Phrase grounding data:
========================
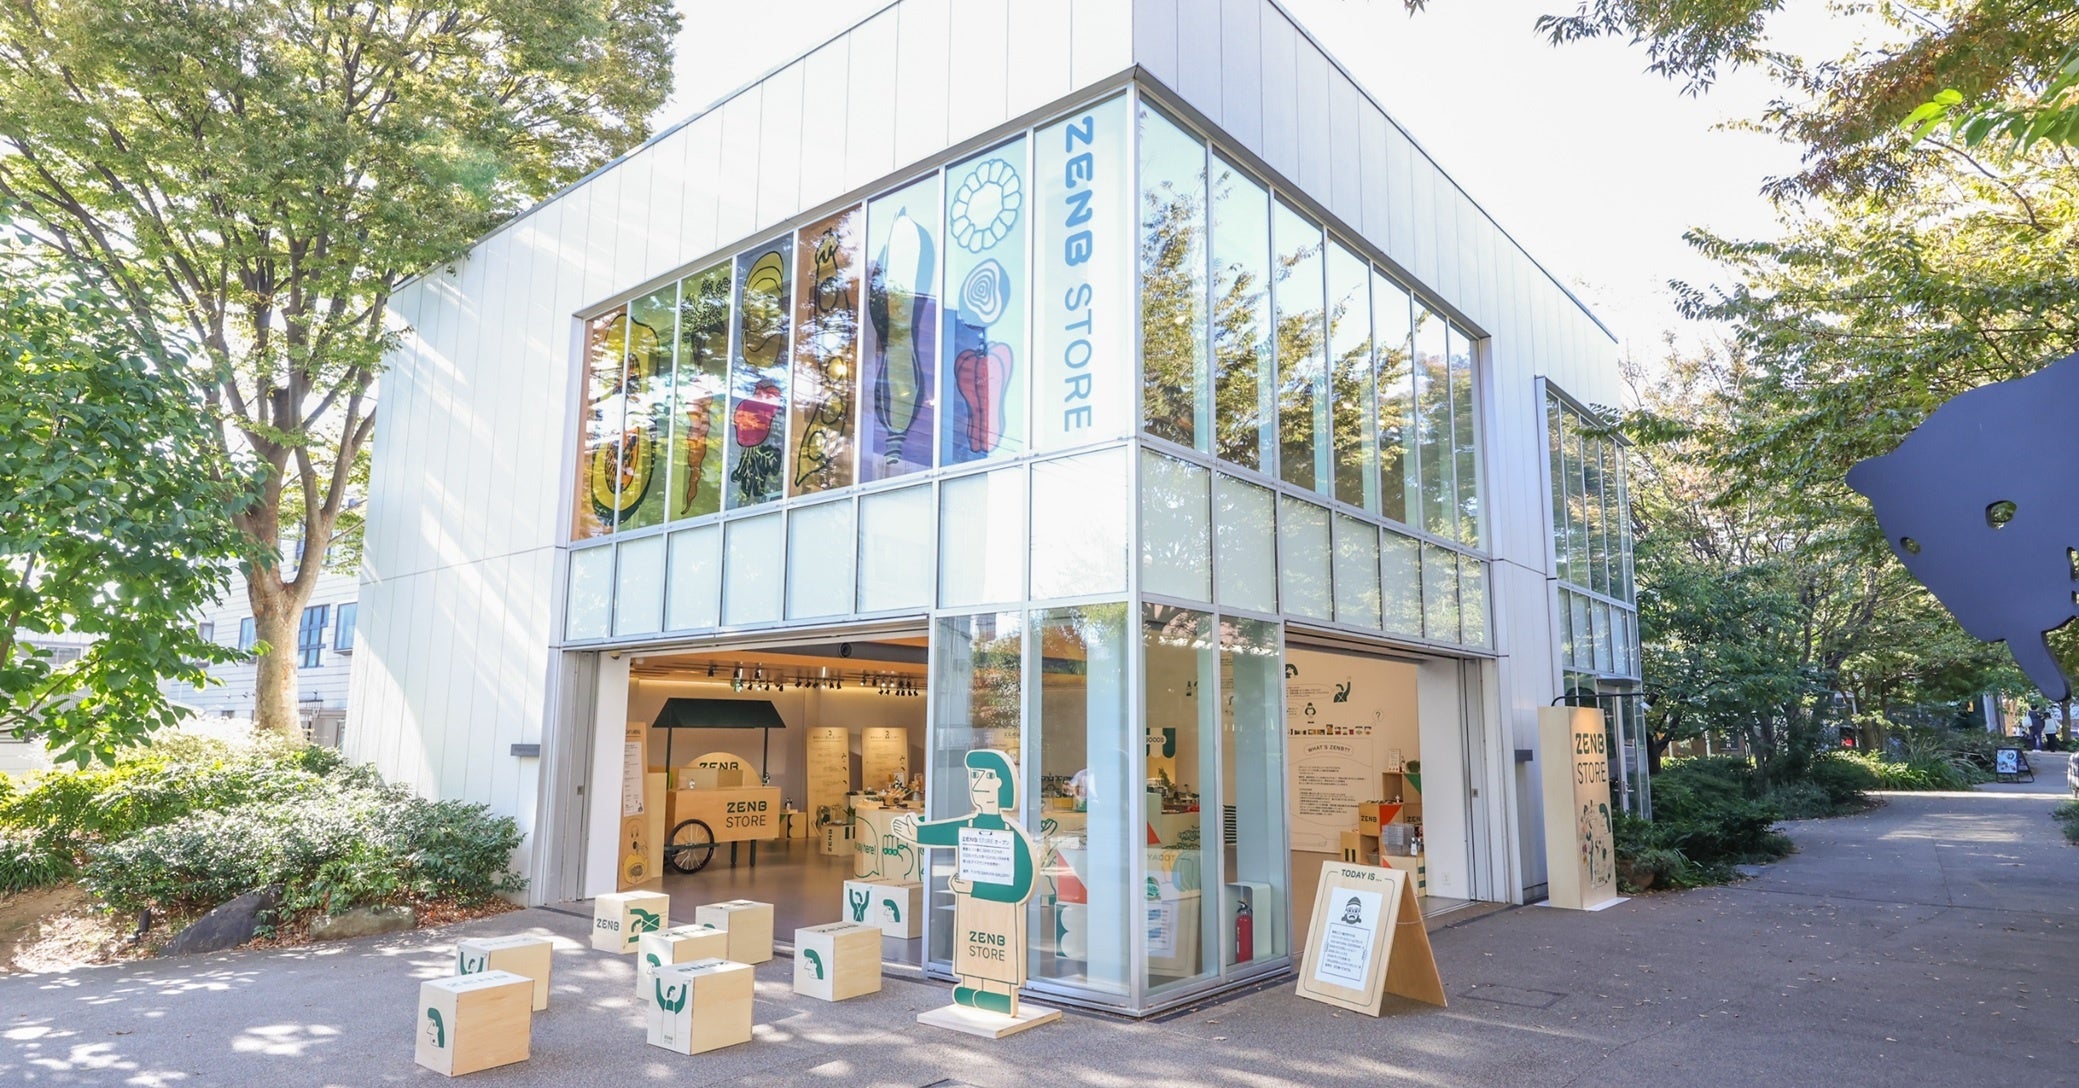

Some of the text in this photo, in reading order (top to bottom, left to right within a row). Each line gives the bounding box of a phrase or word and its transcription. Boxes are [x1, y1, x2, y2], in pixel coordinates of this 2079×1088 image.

[1064, 116, 1094, 432] ZENB STORE
[1575, 733, 1604, 754] ZENB
[1577, 761, 1607, 784] STORE
[726, 801, 767, 813] ZENB
[726, 814, 767, 828] STORE
[1360, 815, 1378, 823] ZENB
[1341, 869, 1367, 880] TODAY
[596, 918, 620, 932] ZENB
[969, 931, 1005, 946] ZENB
[969, 945, 1005, 962] STORE
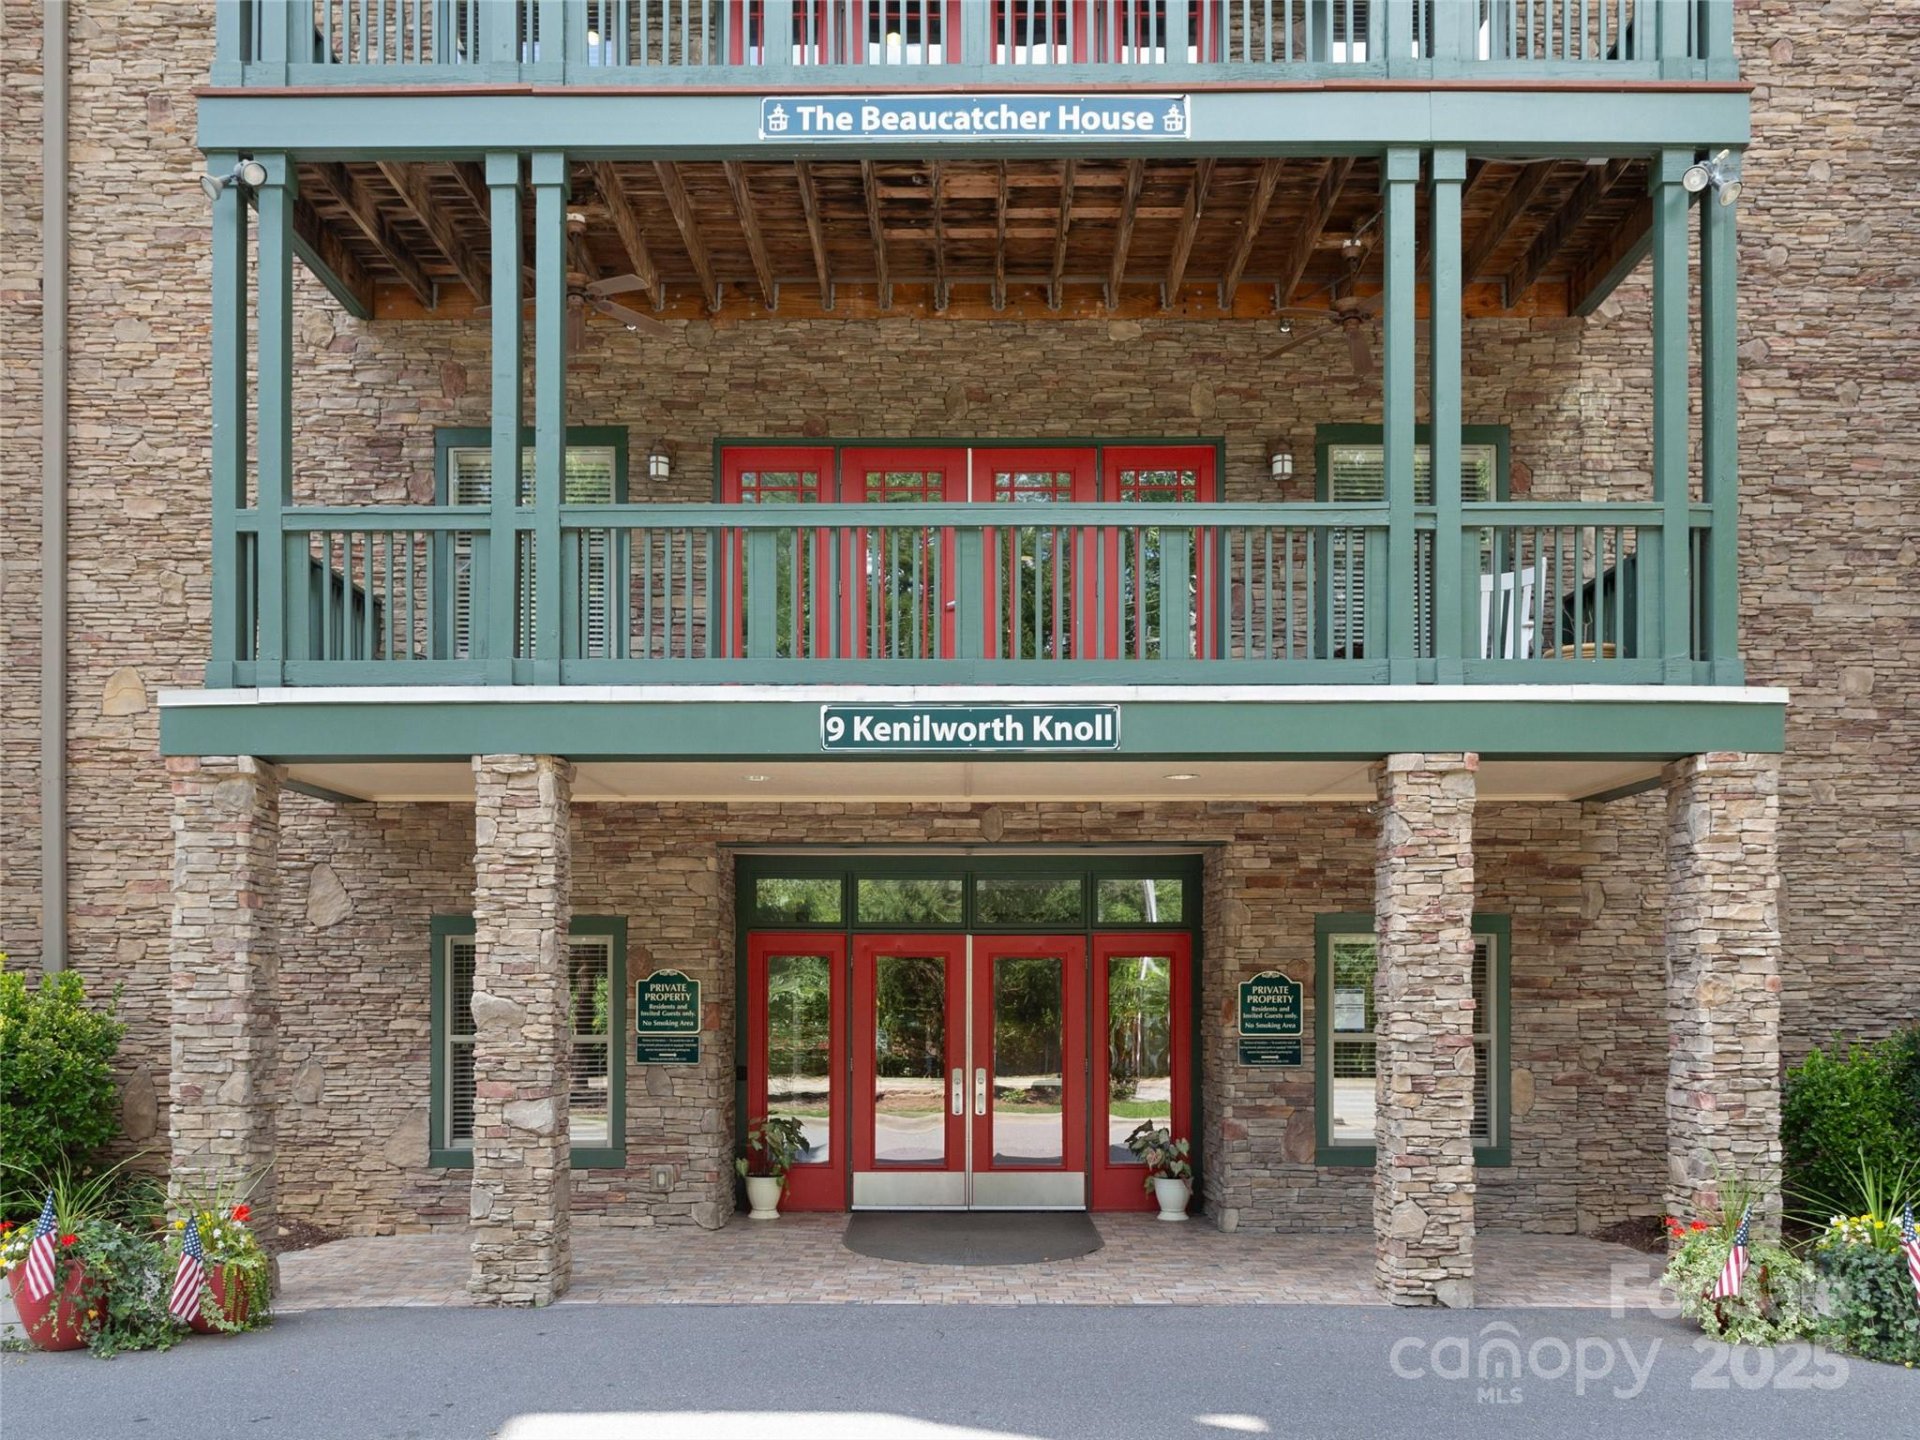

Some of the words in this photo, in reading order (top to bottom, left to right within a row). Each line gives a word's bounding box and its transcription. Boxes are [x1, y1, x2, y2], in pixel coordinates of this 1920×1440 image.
========================
Work to complete: Write out every line above exactly, minus images.

Solution to the problem:
Some of the text in this photo, in reading order (top to bottom, left to right within a row). Each line gives the bounding box of a phrase or word and its transcription. Boxes are [x1, y1, x2, y2], in pixel coordinates of this 2079×1088 image.

[1064, 116, 1094, 432] ZENB STORE
[1575, 733, 1604, 754] ZENB
[1577, 761, 1607, 784] STORE
[726, 801, 767, 813] ZENB
[726, 814, 767, 828] STORE
[1360, 815, 1378, 823] ZENB
[1341, 869, 1367, 880] TODAY
[596, 918, 620, 932] ZENB
[969, 931, 1005, 946] ZENB
[969, 945, 1005, 962] STORE

Some of the words in this photo, in reading order (top to bottom, left to right within a row). Each line gives a word's bounding box and its transcription. Boxes are [x1, y1, x2, y2], in pixel coordinates of this 1920×1440 image.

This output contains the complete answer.